* Exercise data *

============================================================

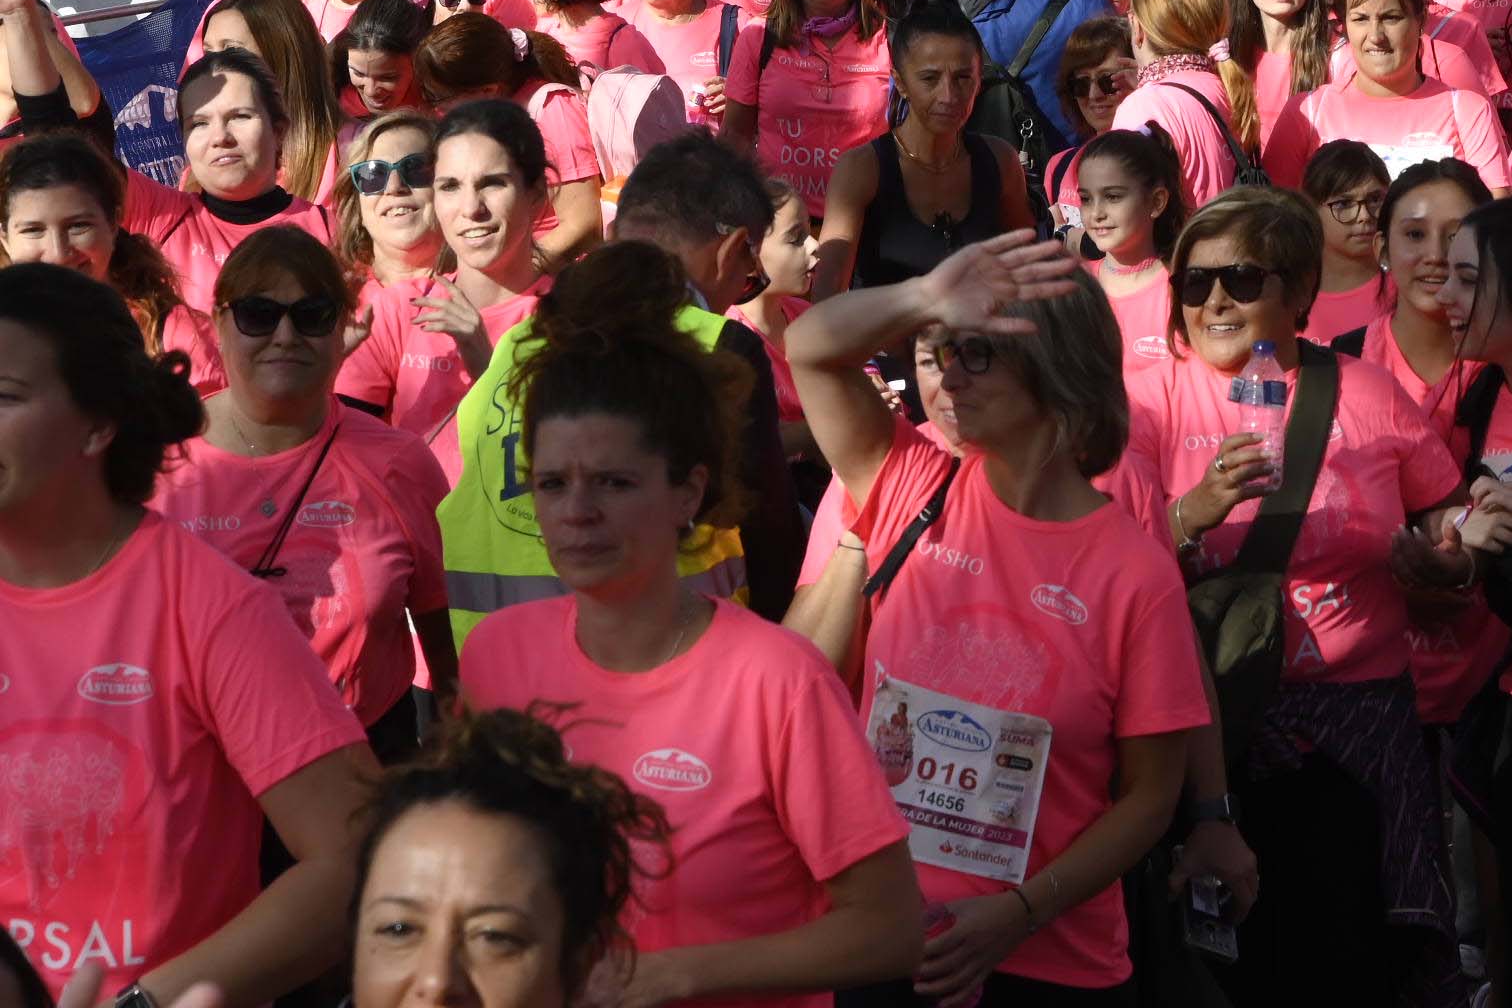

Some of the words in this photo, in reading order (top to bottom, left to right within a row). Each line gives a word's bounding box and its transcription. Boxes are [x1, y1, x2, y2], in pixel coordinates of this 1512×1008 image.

[916, 538, 985, 576] OYSHO
[917, 757, 978, 791] 016
[918, 789, 966, 813] 14656
[932, 814, 947, 826] LA
[948, 818, 985, 836] MUJER
[954, 844, 1013, 867] Santander
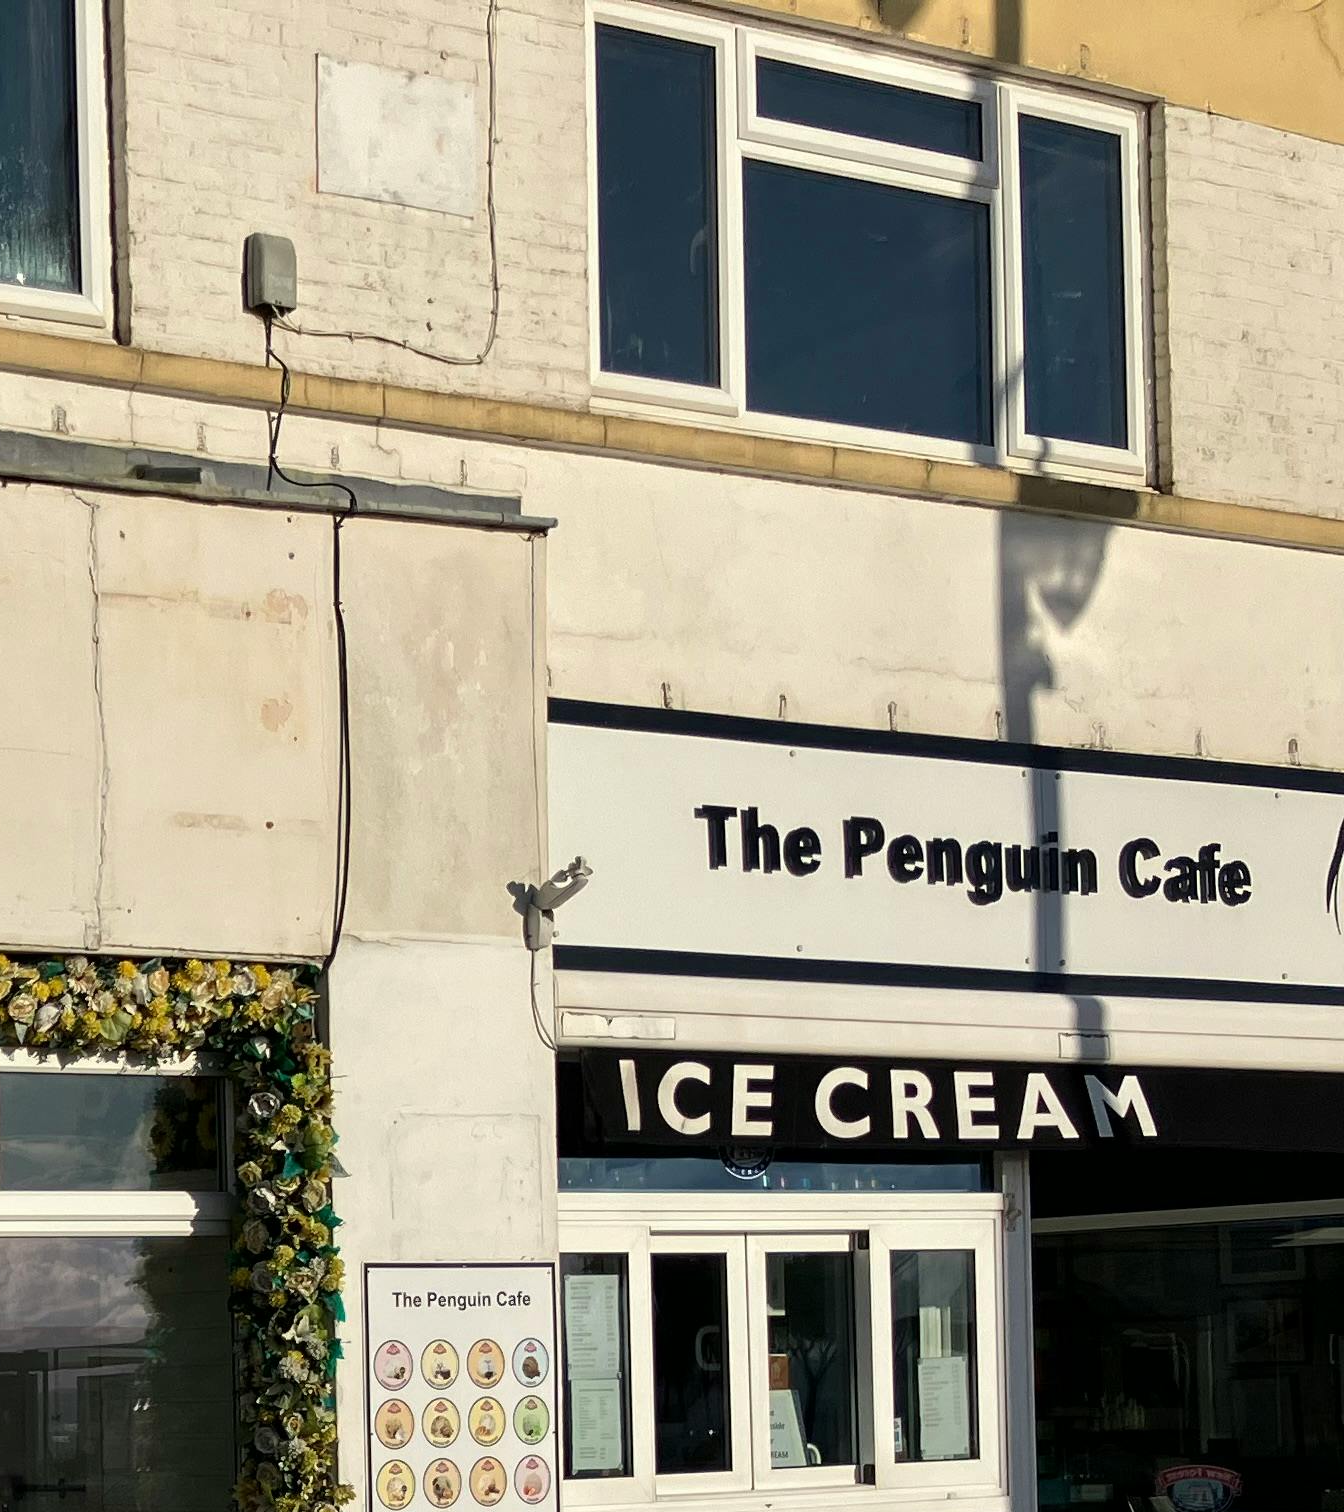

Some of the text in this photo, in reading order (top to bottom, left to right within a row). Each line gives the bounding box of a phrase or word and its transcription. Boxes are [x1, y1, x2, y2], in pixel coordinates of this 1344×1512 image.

[694, 804, 1254, 907] The Penguin Cafe
[618, 1058, 1159, 1140] ICE CREAM
[392, 1291, 531, 1311] The Penguin Cafe

============================================================

* Problem to work on *
A word-for-word repetition of the data above, without pictures, is the expected answer.

* Output *
Some of the words in this photo, in reading order (top to bottom, left to right within a row). Each line gives a word's bounding box and its transcription. Boxes are [x1, y1, x2, y2], in pixel coordinates of this 1512×1008 image.

[916, 538, 985, 576] OYSHO
[917, 757, 978, 791] 016
[918, 789, 966, 813] 14656
[932, 814, 947, 826] LA
[948, 818, 985, 836] MUJER
[954, 844, 1013, 867] Santander

Some of the text in this photo, in reading order (top to bottom, left to right within a row). Each line gives the bounding box of a phrase or word and its transcription. Boxes are [x1, y1, x2, y2], in pixel coordinates of this 1344×1512 image.

[694, 804, 1254, 907] The Penguin Cafe
[618, 1058, 1159, 1140] ICE CREAM
[392, 1291, 531, 1311] The Penguin Cafe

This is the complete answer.